ビットコインETFの上場申請が却下されました。期待して買っていた投資家はガッカリですが、他にも2点、ビットコイン相場にとって気がかりなことがあります。(『高梨彰『しん・古今東西』高梨彰)

※本記事は有料メルマガ『高梨彰『しん・古今東西』』2018年8月23日号の一部抜粋です。ご興味をお持ちの方はぜひこの機会にバックナンバー含め今月分すべて無料のお試し購読をどうぞ。

プロフィール:高梨彰(たかなし あきら)
日本証券アナリスト協会検定会員。埼玉県立浦和高校・慶応義塾大学経済学部卒業。証券・銀行にて、米国債をはじめ債券・為替トレーディングに従事。投資顧問会社では、ファンドマネージャーとして外債を中心に年金・投信運用を担当。現在は大手銀行グループにて、チーフストラテジスト、ALMにおける経済・金融市場見通し並びに運用戦略立案を担当。講演・セミナー講師多数。

振り回されるのは個人投資家。ビットコインが抱える問題とは?

ビットコインETFは却下へ

アメリカのSEC(Securities and Exchange Commission:証券取引委員会)は、ビットコインのETF(上昇投資信託)上場申請を却下したとのことです。WSJ紙やCNBCなど各メディアが報じています(編注:原稿執筆時点2018年8月23日。追加報道では、年内は絶望的、最も早くて来年2月などの憶測が飛び交っています)。

直近、ビットコインETF上場を期待した買いがビットコインに入っていました。この一報はガッカリです。

ビットコインについて気がかりな2点

ところで、ビットコインについては引き続き以下の2点が気がかりです。

1つは、ビットコインの資産としての位置付けです。

ビットコイン等の仮想通貨(暗号通貨)は、ドルや円など国・中央銀行が管理する通貨の代替として登場したものです。国の管理を脱し、時には紙幣乱発による信用低下を補完する役割が期待されたかと思います。資産としてのライバルは金(gold)が先ず思い浮かんだのではないでしょうか。

ところが、今となっては値動きの大きさが注目されるばかり

資産としてのライバルは株や原油等の商品(コモディティ)です。資産保全とは真逆となっています。

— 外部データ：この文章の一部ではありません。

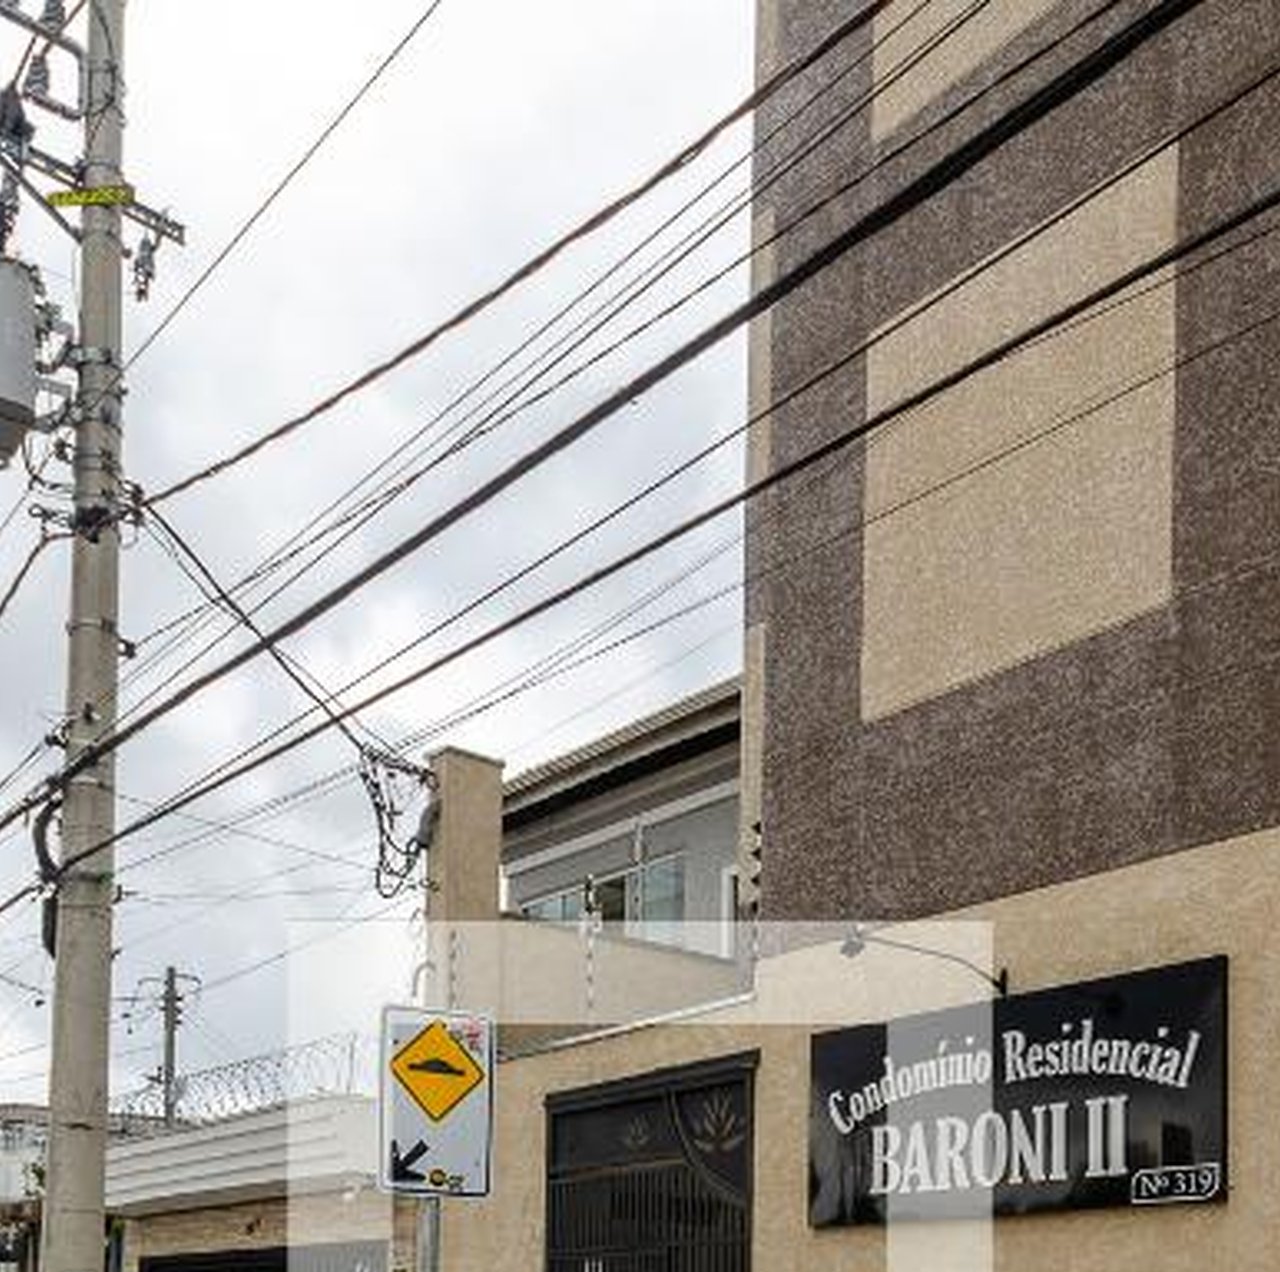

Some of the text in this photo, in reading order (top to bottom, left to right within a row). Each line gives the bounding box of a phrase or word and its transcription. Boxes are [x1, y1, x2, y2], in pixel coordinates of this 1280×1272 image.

[828, 1018, 1200, 1135] Condomínio Residencial
[868, 1094, 1129, 1195] BARONI II
[1173, 1169, 1213, 1194] 319

それでもセールストークは「そうは言っても、これからはドルじゃない」といった資産保全モノが中心です。

この10年ほど「リスクオン、リスクオフ」という言葉が多く使われるようになりましたが、ビットコインでは「セールストークはリスクオフ推奨、保有目的はリスクオン推奨」なのです。

これ、相場を張るうえでは最悪です。